Il résulte notamment de ce qui précède que la présentation de preuves de l’usage de la marque venant s’ajouter à des preuves elles-mêmes produites dans le délai imparti par l’Office, en vertu de la règle 22, paragraphe 2, du règlement nº 2868/95, demeure possible après l’expiration dudit délai et qu’il n’est nullement interdit à l’Office de tenir compte des preuves supplémentaires produites tardivement en faisant usage du pouvoir d’appréciation dont l’investit l’article 76, paragraphe 2, du règlement nº 207/2009. Dès lors, il y a lieu de conclure que la règle 22, paragraphe 2, du règlement nº 2868/95 n’est pas de nature à faire obstacle à l’exercice, par la chambre de recours, du pouvoir d’appréciation dont l’investit l’article 76, paragraphe 2, du règlement nº 207/2009, aux fins de la prise en compte éventuelle des preuves supplémentaires produites pour la première fois devant elle.

(cf. points 76-78, 82-86)

7.      Il est exigé, dans le cadre de l’exercice du pouvoir d’appréciation de l’Office de l’harmonisation dans le marché intérieur (marques, dessins et modèles) aux fins de l’éventuelle prise en compte d’éléments de preuve tardivement produits, que les preuves présentées au-delà du délai imparti par la division d’opposition ne soient pas les premières et uniques preuves de l’usage, mais qu’il s’agisse de preuves dites « complémentaires » ou « supplémentaires », venant s’ajouter à des éléments de preuve pertinents, déposés dans le délai imparti. N’est pas requis, à cet égard, un rapport matériel des éléments supplémentaires avec les éléments antérieurement produits, mais leur pertinence intrinsèque pour le sort de la procédure devant l’Office.
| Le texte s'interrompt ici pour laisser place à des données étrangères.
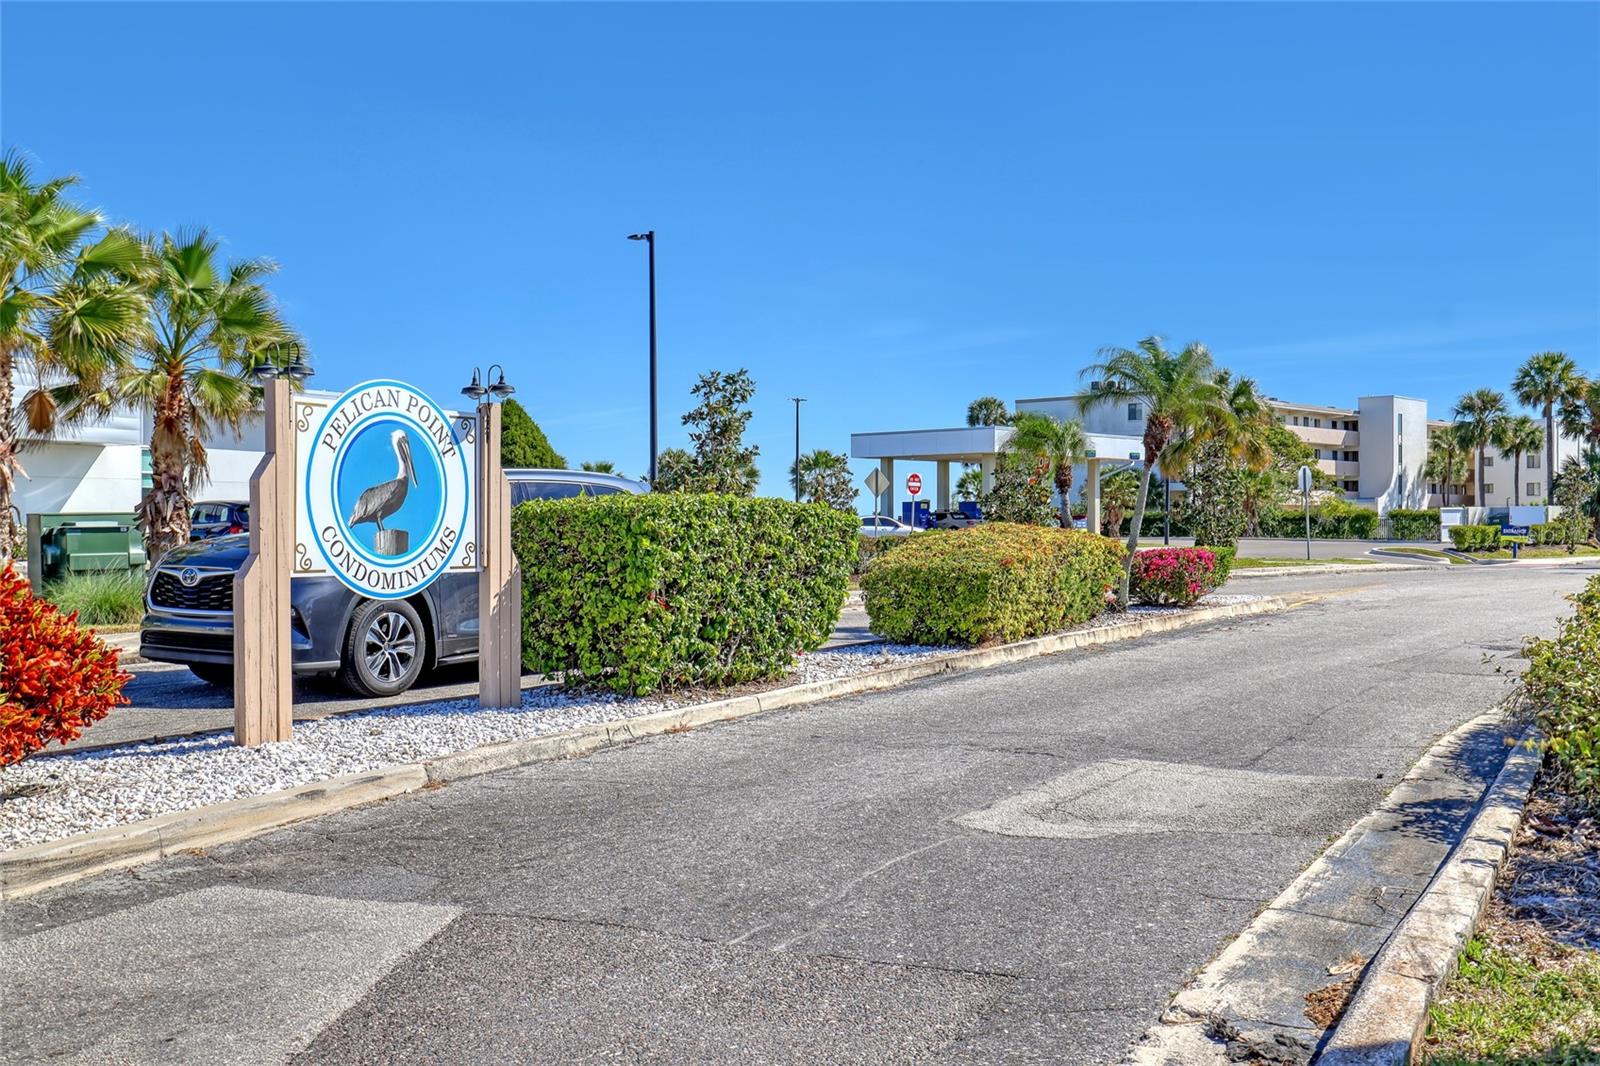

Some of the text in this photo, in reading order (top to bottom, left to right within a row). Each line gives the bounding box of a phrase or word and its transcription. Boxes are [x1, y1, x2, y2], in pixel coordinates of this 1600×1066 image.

[322, 389, 456, 458] PELICAN POINT
[322, 526, 456, 590] CONDOMINIUMS
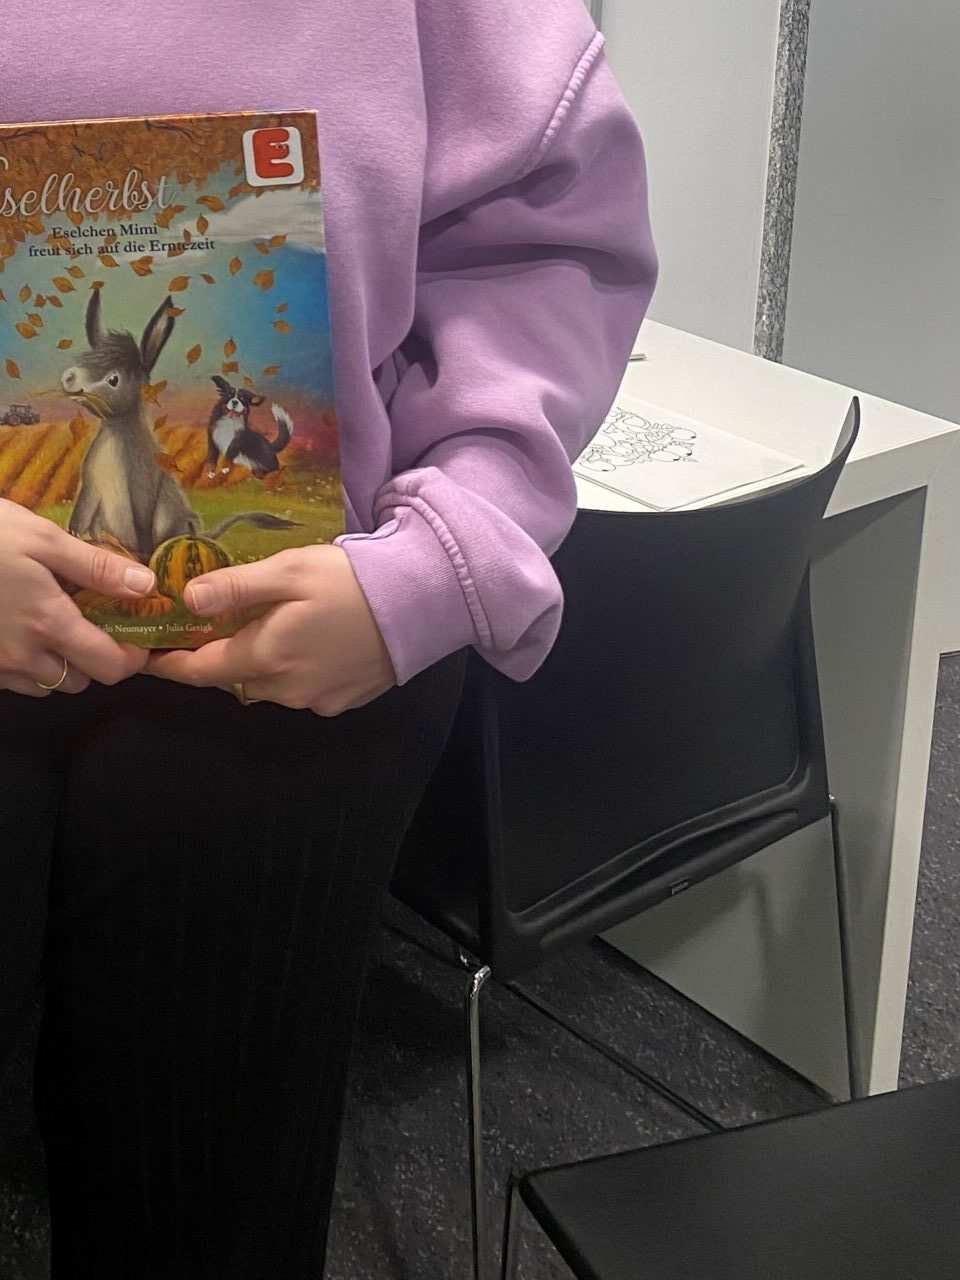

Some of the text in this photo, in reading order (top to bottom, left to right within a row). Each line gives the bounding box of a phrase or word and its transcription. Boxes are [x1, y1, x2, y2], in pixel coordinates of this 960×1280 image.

Par ailleurs, une éventuelle prise en compte d’éléments de preuve supplémentaires de l’usage de la marque, produits après l’expiration du délai visé à la règle 22, paragraphe 2, du règlement nº 2868/95, portant modalités d’application du règlement nº 40/94 sur la marque communautaire, ne requiert pas nécessairement que l’intéressé se soit trouvé dans l’impossibilité de produire ces éléments dans ledit délai.